[Dataset records]

--------

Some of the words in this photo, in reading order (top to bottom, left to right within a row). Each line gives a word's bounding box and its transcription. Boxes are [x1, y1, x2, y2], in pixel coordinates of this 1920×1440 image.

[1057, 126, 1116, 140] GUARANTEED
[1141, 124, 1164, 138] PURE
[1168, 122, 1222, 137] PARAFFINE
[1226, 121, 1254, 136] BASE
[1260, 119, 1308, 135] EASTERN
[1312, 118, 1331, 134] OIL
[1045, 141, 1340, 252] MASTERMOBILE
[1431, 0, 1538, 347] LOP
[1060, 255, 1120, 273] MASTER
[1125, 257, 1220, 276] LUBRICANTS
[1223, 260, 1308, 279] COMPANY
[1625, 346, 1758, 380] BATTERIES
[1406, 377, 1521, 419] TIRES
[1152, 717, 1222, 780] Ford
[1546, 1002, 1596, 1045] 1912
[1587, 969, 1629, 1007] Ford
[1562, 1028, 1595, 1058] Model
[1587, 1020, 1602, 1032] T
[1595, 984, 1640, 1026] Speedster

--------

**WHAT THE EXERCISE ASKS**
What is needed is an exact restatement of every record above.

**ANSWER FOR THE TASK**
Some of the words in this photo, in reading order (top to bottom, left to right within a row). Each line gives a word's bounding box and its transcription. Boxes are [x1, y1, x2, y2], in pixel coordinates of this 1920×1440 image.

[1057, 126, 1116, 140] GUARANTEED
[1141, 124, 1164, 138] PURE
[1168, 122, 1222, 137] PARAFFINE
[1226, 121, 1254, 136] BASE
[1260, 119, 1308, 135] EASTERN
[1312, 118, 1331, 134] OIL
[1045, 141, 1340, 252] MASTERMOBILE
[1431, 0, 1538, 347] LOP
[1060, 255, 1120, 273] MASTER
[1125, 257, 1220, 276] LUBRICANTS
[1223, 260, 1308, 279] COMPANY
[1625, 346, 1758, 380] BATTERIES
[1406, 377, 1521, 419] TIRES
[1152, 717, 1222, 780] Ford
[1546, 1002, 1596, 1045] 1912
[1587, 969, 1629, 1007] Ford
[1562, 1028, 1595, 1058] Model
[1587, 1020, 1602, 1032] T
[1595, 984, 1640, 1026] Speedster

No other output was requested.